Convective Turbulence
The most familiar source of turbulence is thermals, the result of sunlight striking the ground. This generates vertical air movement, because a cold-over-warm layer is unstable and has a tendency to “overturn”, while a warm-over-cold layer is stable and will return to this state if disturbed. Is the sunlight shining on asphalt? This creates a cold-over-hot layer at pavement level, so the layer spontaneously overturns. Buoyant thermals rise off the ramp and ascend skyward.

These thermals aggregate and rise like bubbles in a boiling cauldron, while air sinks in other areas to compensate for the upward movement. Glider pilots love these rising bubbles, but they add a lot of chop to the lower atmosphere, especially in the summer months. Fortunately they are predictable. Thermals are strongest over solid masses like roads, parking lots, barren fields, and rocky terrain, while they’re weak over forested areas, water bodies, and crop fields. So as you’re descending on final, awareness of whether you’re passing over fresh asphalt or a golf course can help you predict the tuning required for your glide path.
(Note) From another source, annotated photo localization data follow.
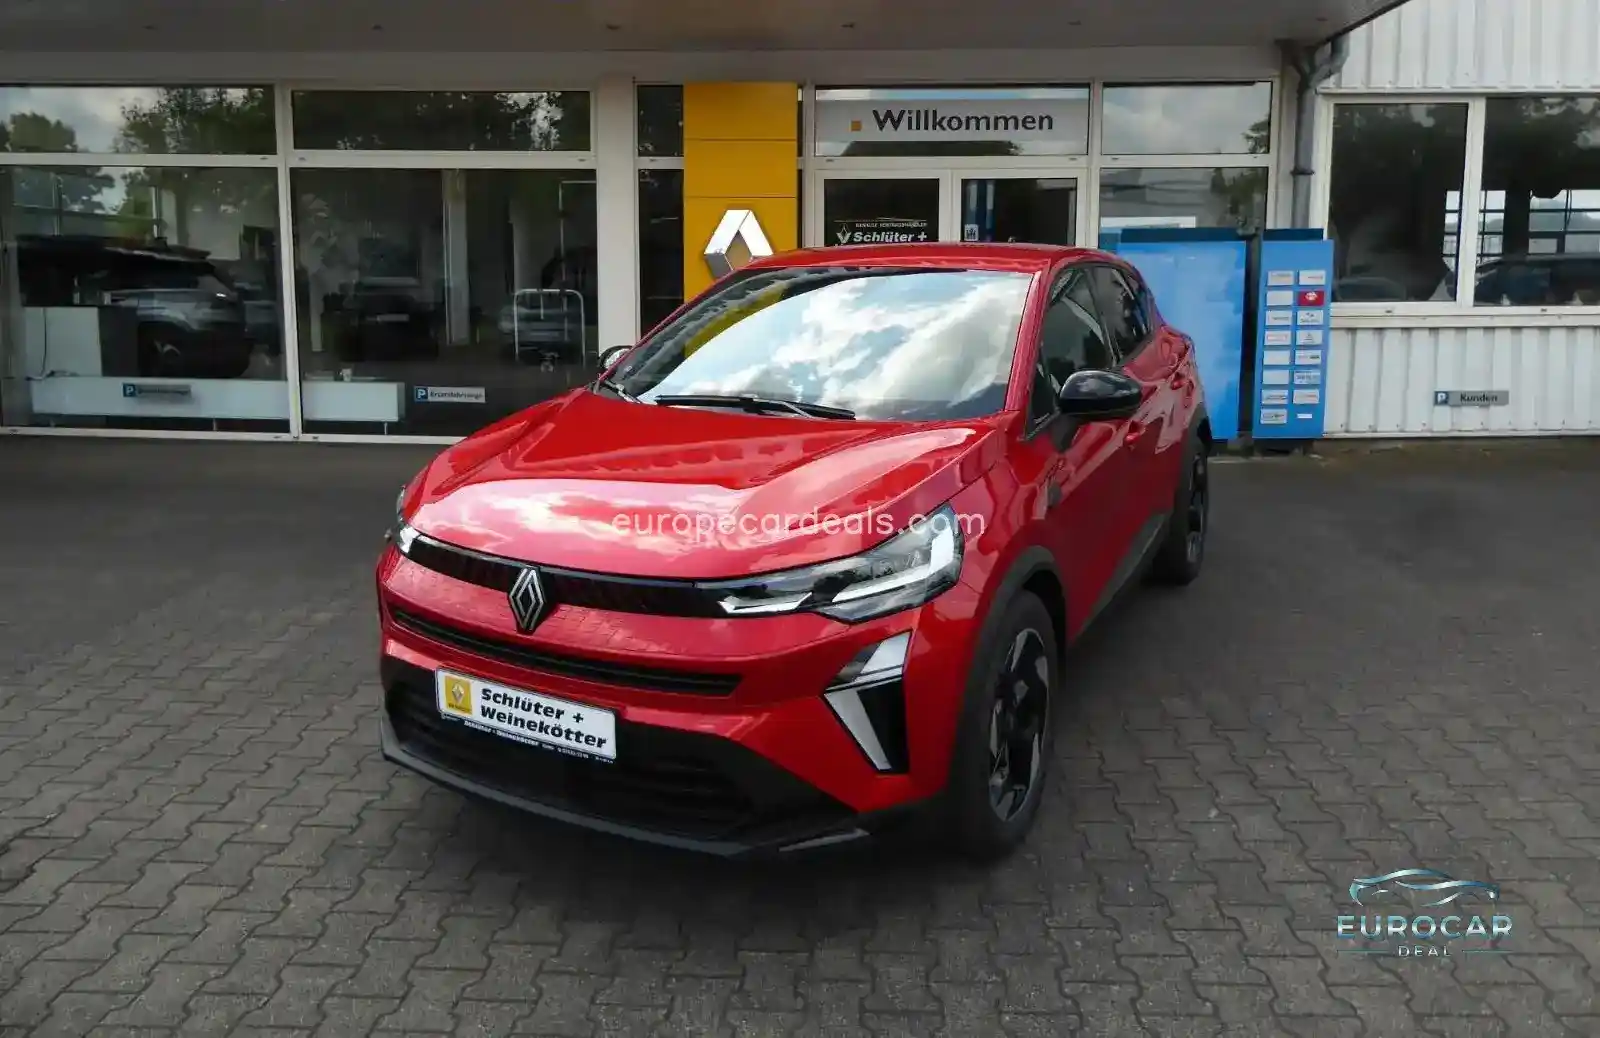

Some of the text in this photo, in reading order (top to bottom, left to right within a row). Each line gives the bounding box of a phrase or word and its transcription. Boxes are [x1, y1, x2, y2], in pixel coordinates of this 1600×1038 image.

[873, 109, 1053, 131] Willkommen
[853, 231, 914, 242] Schlüter
[1460, 393, 1498, 403] Kunden
[481, 688, 565, 720] Schlüter
[480, 705, 607, 748] Weinekötter
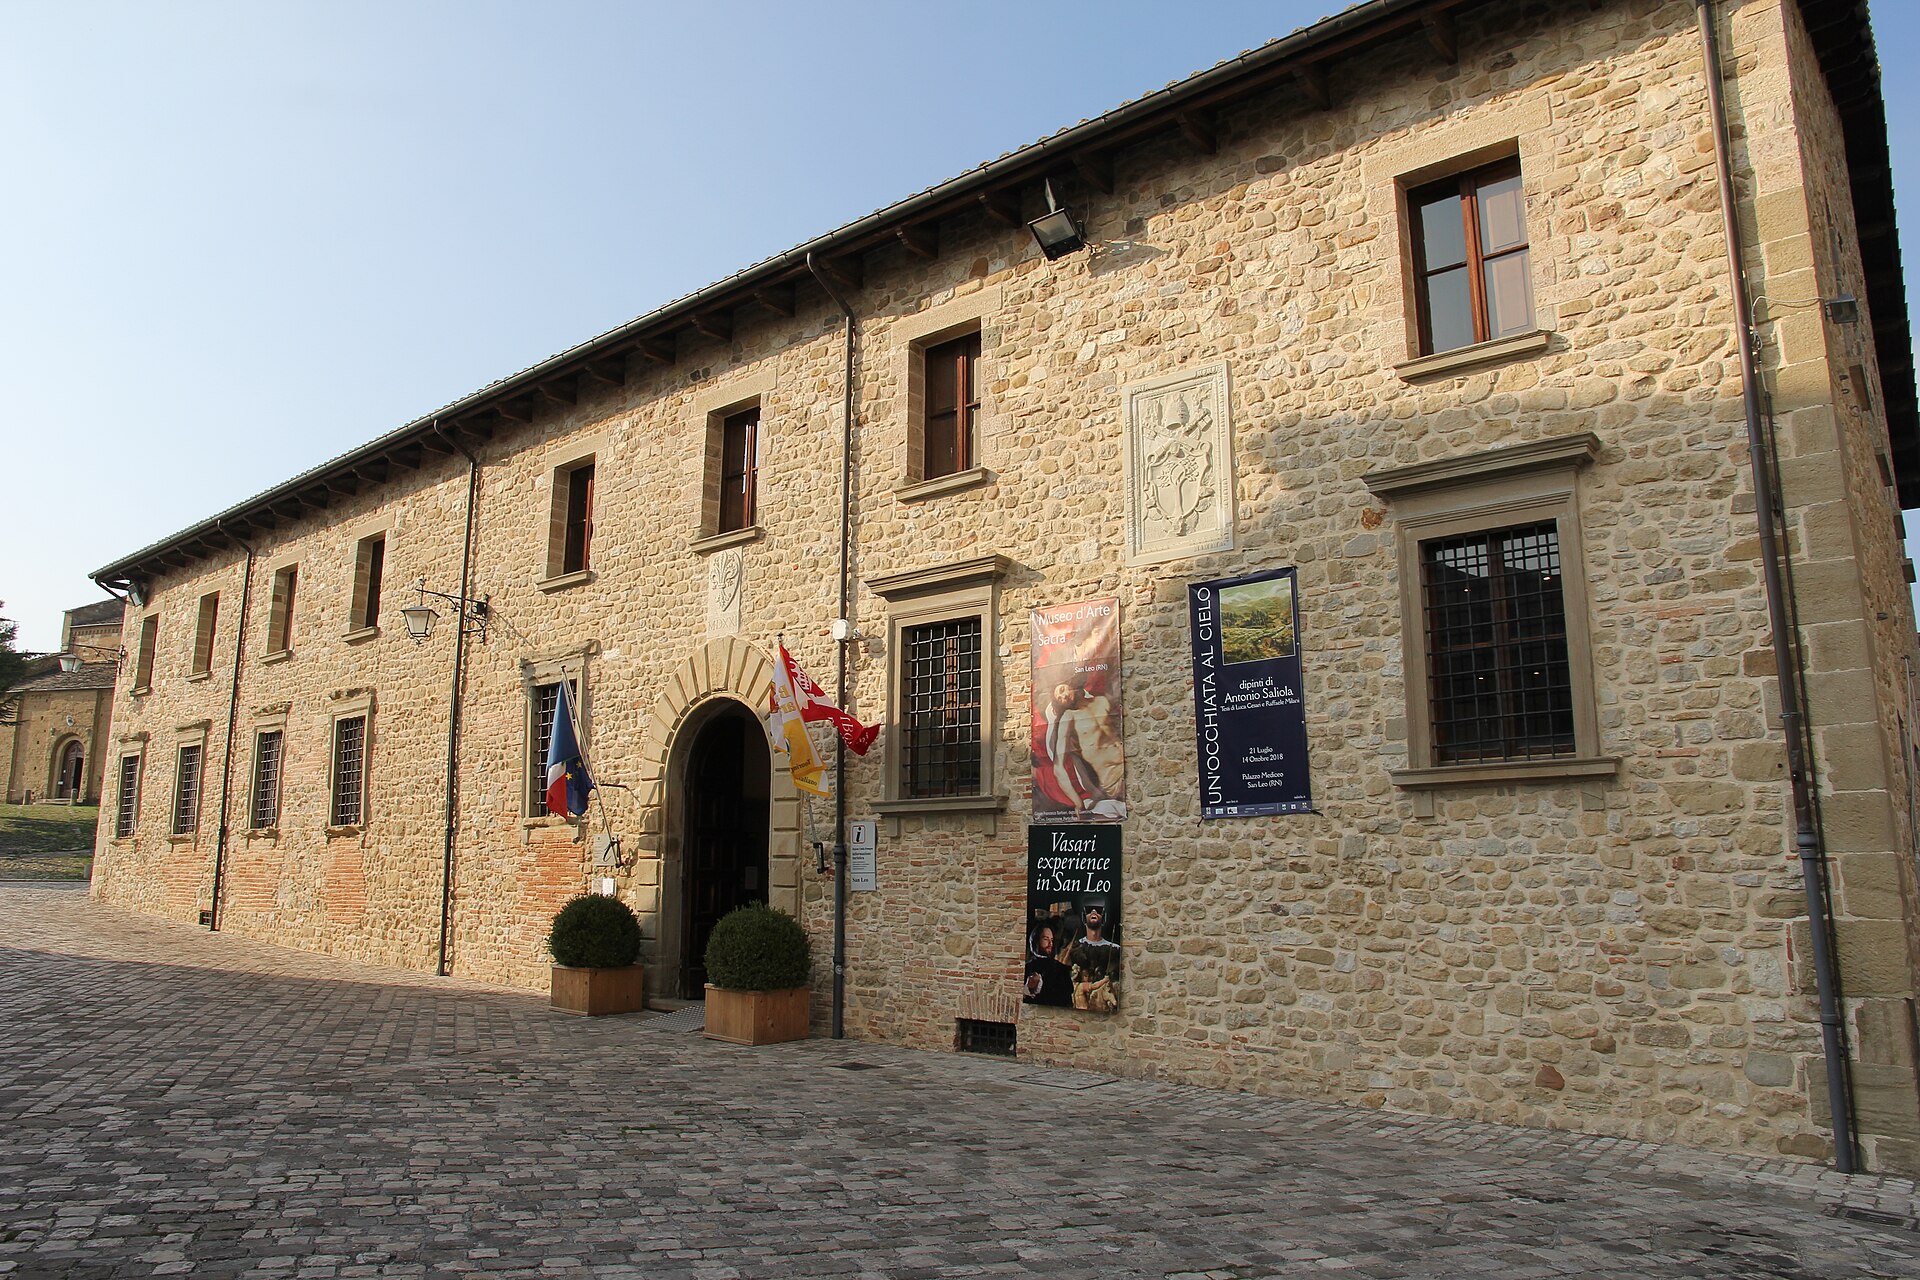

As instability increases, we get updrafts and downdrafts in cumulus and cumulonimbus clouds. The cauliflower-like cloud mass itself should be considered a manifestation of the updraft, with downdrafts occurring around the edges and in precipitation cores. Updrafts and downdrafts are often the end result of thermals working on an unstable atmosphere, but thermal instability, the release of latent heat, and pressure perturbations within the storm are the cause.

A good rule of thumb is to assume all cumulonimbus clouds have dangerous turbulence. But a more meaningful question might be “How dangerous?” A common meteorological value called CAPE, or convective availability of potential energy, yields information on updraft strength, and to a limited extent, downdraft strength. CAPE is essentially a measure of instability through the troposphere. Any cumulonimbus cloud in an air mass with CAPE values over 1000 to 1500 J/kg is likely to contain localized areas of extreme turbulence. Websites like the Storm Prediction Center and university websites like College of DuPage Weather have excellent maps showing CAPE across a region. But check the times—the afternoon CAPE might well be higher than that of the morning hours, and avoid fine-grained interpretations of the chart as the upper air data network worldwide is rather coarse. Even the best numerical models only have a limited ability to resolve small details.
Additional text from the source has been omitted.